Charlie told the crew they could bail out, but he was going to try to make England. He knew that was the only chance the badly wounded crewman had to survive. The “quiet ones” refused to leave. They had fought together and, if need be, they would die together.

What Franz saw wasn’t an enemy. It was a brave brother pilot struggling against all odds to save his crew. Despite the ramifications, Franz knew he could not live with himself if he was the agent of their destruction. He was not a member of the Nazi Party and had never agreed with their philosophy. Like Roedel, and most other Luftwaffe pilots, he was guided by another code of conduct. German Air Force pilots were known to race to take charge of downed opponents to prevent the SS from taking them prisoner.

Franz shepherded The Pub past German coastal anti-aircraft guns, gambling that the gunners wouldn’t shoot at the bomber if they thought a German fighter was moving in for the kill. This reviewer will not spoil the author’s compelling account of the damage Franz saw and what Charlie and his co-pilot thought about the German pilot’s strange behavior.

Franz returned to base, hoping no one on the ground saw what he did and notified the Gestapo. How Charlie piloted the limping B-17 back to England is another amazing tale that should be read in full. Makos is a master writer and even though the outcome is known, readers will find their pulse-rates accelerating.

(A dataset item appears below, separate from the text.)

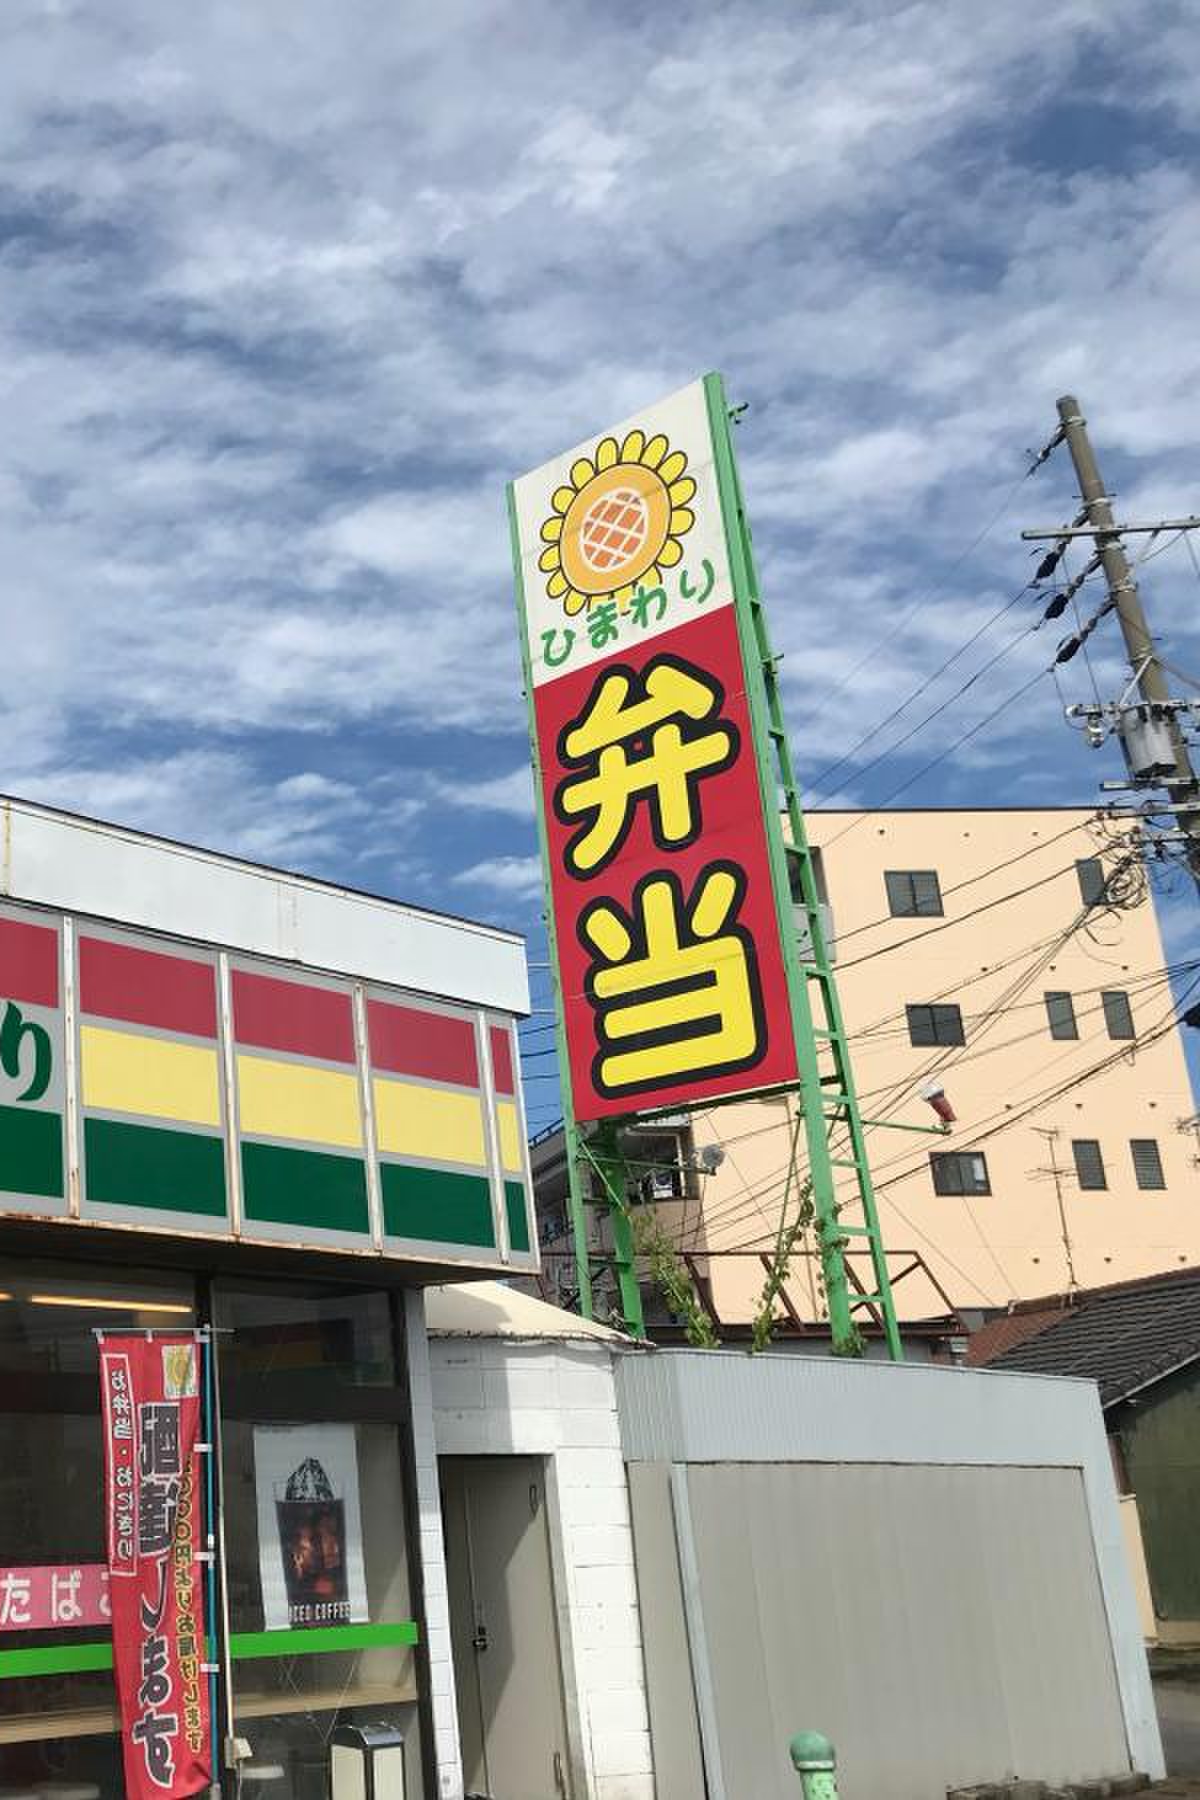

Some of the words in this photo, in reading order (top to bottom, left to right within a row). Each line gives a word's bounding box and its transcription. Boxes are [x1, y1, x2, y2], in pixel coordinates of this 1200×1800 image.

[540, 559, 716, 668] ひまわり
[558, 655, 766, 1097] 弁当

Charlie and his crew were sworn to secrecy. Their superiors feared that if their story was known it might result in hesitation in combat with fatal results. That was lucky for Franz. Had the story gotten back to Germany he might have been identified as the pilot who didn’t shoot down an enemy. His penalty would have been death.

For 45 years each wondered about the fate of the other. That the two pilots found each other is almost as much as much of a miracle as their survival. It is another saga, flawlessly told in evocative prose by a skillful writer.

Read the book before the movie comes out.